- **Exercise requirements**:
Leave the pictures out and restate every line below exactly.

[Image-backed grounding data]
☆ ☆ ☆ ☆ ☆
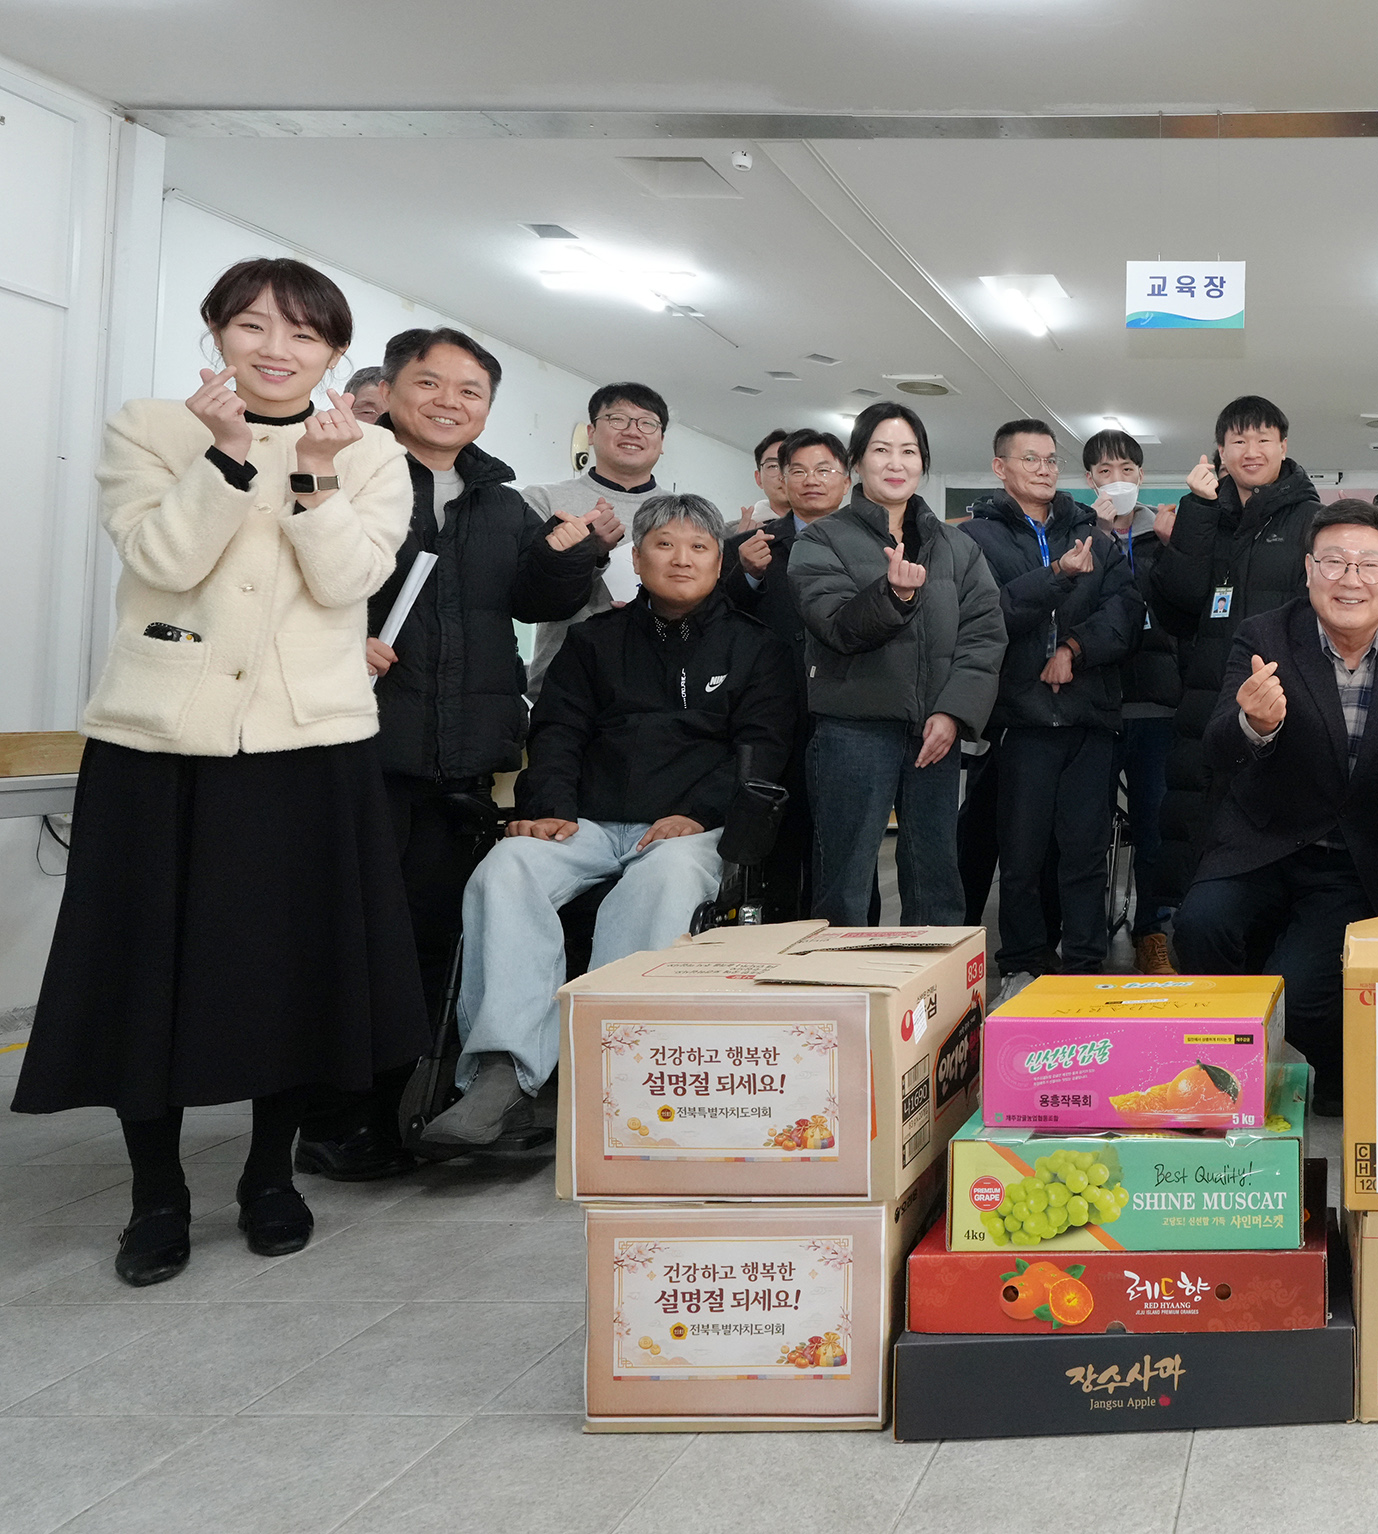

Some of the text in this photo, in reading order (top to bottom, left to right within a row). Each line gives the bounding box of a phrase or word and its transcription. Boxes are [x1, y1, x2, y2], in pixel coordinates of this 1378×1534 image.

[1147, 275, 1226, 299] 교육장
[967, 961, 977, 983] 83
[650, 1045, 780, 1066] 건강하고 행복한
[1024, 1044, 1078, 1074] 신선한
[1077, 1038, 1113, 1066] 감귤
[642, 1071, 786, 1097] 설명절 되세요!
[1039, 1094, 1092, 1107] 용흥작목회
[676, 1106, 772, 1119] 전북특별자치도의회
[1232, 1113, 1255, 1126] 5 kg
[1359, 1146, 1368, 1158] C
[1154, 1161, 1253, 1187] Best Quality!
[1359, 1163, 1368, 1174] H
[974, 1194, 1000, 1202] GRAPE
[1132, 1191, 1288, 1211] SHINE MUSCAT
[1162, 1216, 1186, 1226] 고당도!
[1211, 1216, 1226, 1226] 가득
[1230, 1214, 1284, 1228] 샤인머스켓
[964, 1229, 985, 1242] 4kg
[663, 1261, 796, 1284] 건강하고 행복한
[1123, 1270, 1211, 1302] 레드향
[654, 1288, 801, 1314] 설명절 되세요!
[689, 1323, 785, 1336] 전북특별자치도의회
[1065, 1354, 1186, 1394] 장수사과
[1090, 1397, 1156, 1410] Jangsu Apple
☆ ☆ ☆ ☆ ☆
- **Answer**:
Some of the text in this photo, in reading order (top to bottom, left to right within a row). Each line gives the bounding box of a phrase or word and its transcription. Boxes are [x1, y1, x2, y2], in pixel coordinates of this 1378×1534 image.

[1147, 275, 1226, 299] 교육장
[967, 961, 977, 983] 83
[650, 1045, 780, 1066] 건강하고 행복한
[1024, 1044, 1078, 1074] 신선한
[1077, 1038, 1113, 1066] 감귤
[642, 1071, 786, 1097] 설명절 되세요!
[1039, 1094, 1092, 1107] 용흥작목회
[676, 1106, 772, 1119] 전북특별자치도의회
[1232, 1113, 1255, 1126] 5 kg
[1359, 1146, 1368, 1158] C
[1154, 1161, 1253, 1187] Best Quality!
[1359, 1163, 1368, 1174] H
[974, 1194, 1000, 1202] GRAPE
[1132, 1191, 1288, 1211] SHINE MUSCAT
[1162, 1216, 1186, 1226] 고당도!
[1211, 1216, 1226, 1226] 가득
[1230, 1214, 1284, 1228] 샤인머스켓
[964, 1229, 985, 1242] 4kg
[663, 1261, 796, 1284] 건강하고 행복한
[1123, 1270, 1211, 1302] 레드향
[654, 1288, 801, 1314] 설명절 되세요!
[689, 1323, 785, 1336] 전북특별자치도의회
[1065, 1354, 1186, 1394] 장수사과
[1090, 1397, 1156, 1410] Jangsu Apple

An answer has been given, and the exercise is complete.